July 28, 2011    Disclosures    POSTED IN  EconomyMarkets

Unless the debt ceiling is raised, at some point in August, the United States Treasury will not be able to pay all of its obligations.  The ceiling technically was reached mid-May when the total obligations of the United States Treasury hit the $14.294 trillion cap. Since that time the U.S. Treasury has taken a few extraordinary steps to keep the debt level below the cap and allow the federal government to continue to borrow. However, these measures will not be enough and by the first or second week in August the government will have to choose which bills to pay.

Over the past few months Congress has been attempting to package budgetary measures, various revenue generation plans and expense reductions, with a debt ceiling increase. To date no legislation has cleared both the House and the Senate to reach the President’s desk.

The United States has depended on the ability of the U.S. Treasury to issue debt to fund federal obligations since the birth of the nation, but what if the United States government had not borrowed any money over the past 50 years and relied solely on revenue (taxes, duties and fees) to fund obligations? Come August the federal government will have to select which obligations it will pay and which it will not, because current revenue will not be enough to pay all bills.

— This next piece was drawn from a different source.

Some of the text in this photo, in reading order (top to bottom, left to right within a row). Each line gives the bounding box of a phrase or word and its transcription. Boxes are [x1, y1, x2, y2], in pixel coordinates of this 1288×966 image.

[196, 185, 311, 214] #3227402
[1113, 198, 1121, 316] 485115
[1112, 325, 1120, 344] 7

In the chart below, when a column for a particular year exceeds 100% it has entered a red shaded area because outlays have exceeded revenue. As a result of spending more than was collected, the U.S. government had to borrow to help fund obligations. Over the past 50 years, the only years that the government had a balanced budget, and could choose to pay down existing debt was in 1969 and from 1998-2001. The black line, total federal outlays for a given year, illustrates that additional borrowing was required during most years.

Federal government outlays, in the chart below, are split into six of the largest categories and one “other” category that includes all other outlays

  • Social Security
  • Medicare
  • Medicaid
  • Income Security (primarily Federal Employee Retirement and Disability, Unemployment Compensation, Food and Nutrition Assistance and Earned Income Tax Credit)
  • Net Interest (Interest paid on exsising U.S. Treasury debt)
  • National Defense
  • All other Federal Outlays (the largest of which are Transportation, Veterans Benefits and Services, Administration of Justice, International Affairs and Physical Resources)

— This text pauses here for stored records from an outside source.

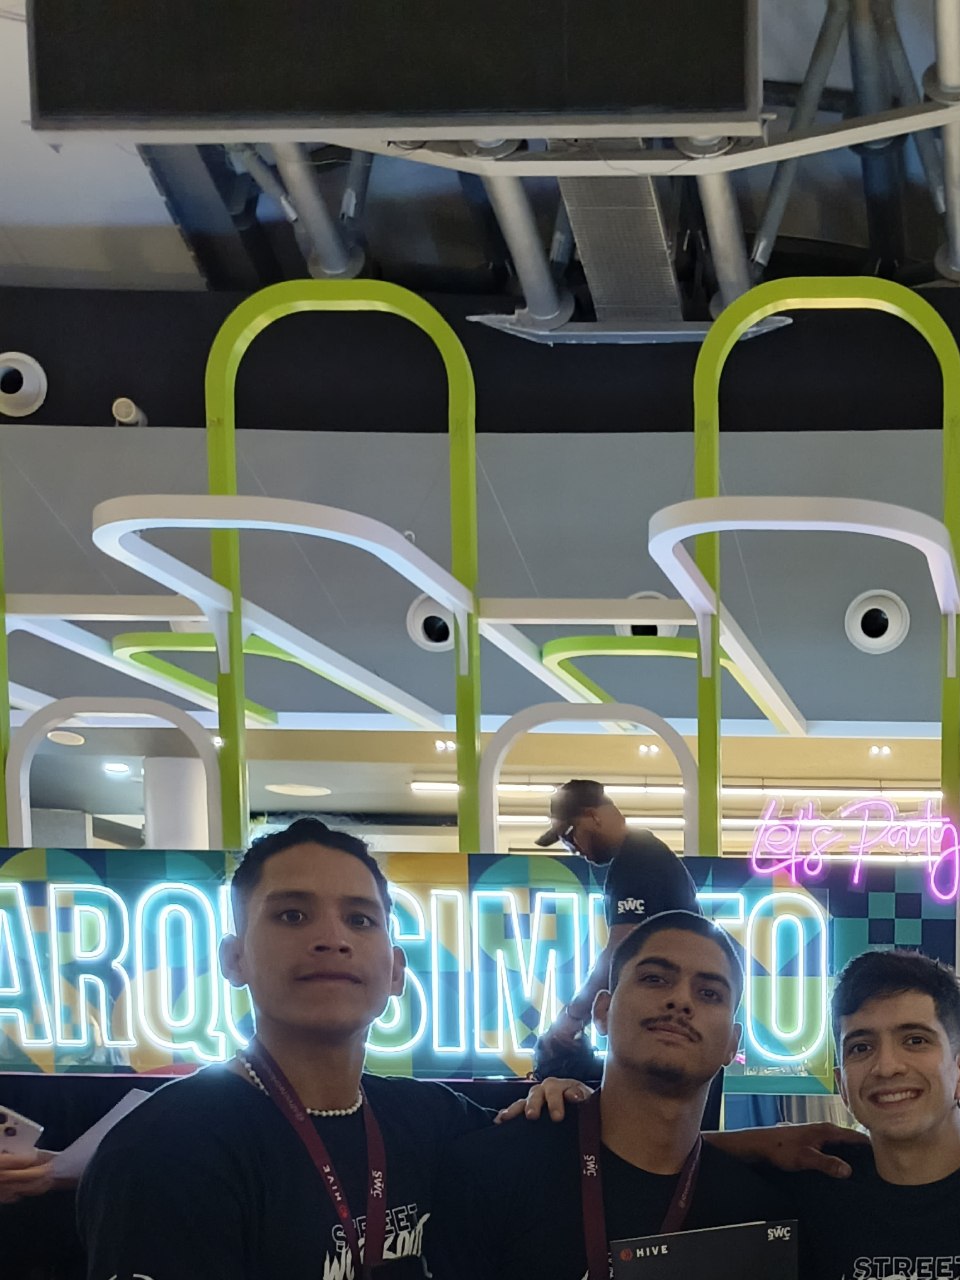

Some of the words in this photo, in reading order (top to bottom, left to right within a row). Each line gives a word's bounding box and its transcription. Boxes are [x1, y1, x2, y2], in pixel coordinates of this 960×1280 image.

[752, 799, 842, 883] Let's
[617, 897, 645, 914] SWC
[583, 1154, 599, 1177] SWC
[322, 1164, 342, 1201] HIVE
[371, 1170, 383, 1199] SWC
[767, 1226, 791, 1242] SWC
[636, 1245, 669, 1258] HIVE

Revenues are generated from individual income tax, corporate income tax, social insurance tax, excise taxes and various other taxes, fees and duties.

The combination of the six largest federal outlays in 2010 stood at 134% of total revenue collected. Social Security and Medicare expenses alone consumed 54% of all federal revenue in 2010. Unless federal revenue increases, federal outlays are reduced, or both, the U.S. government will continue to have to rely on the issuance of debt to fund the difference between revenue generated and federal outlays. The ability to issue debt, however, currently rests in the hands of the Senate, Congress and the President.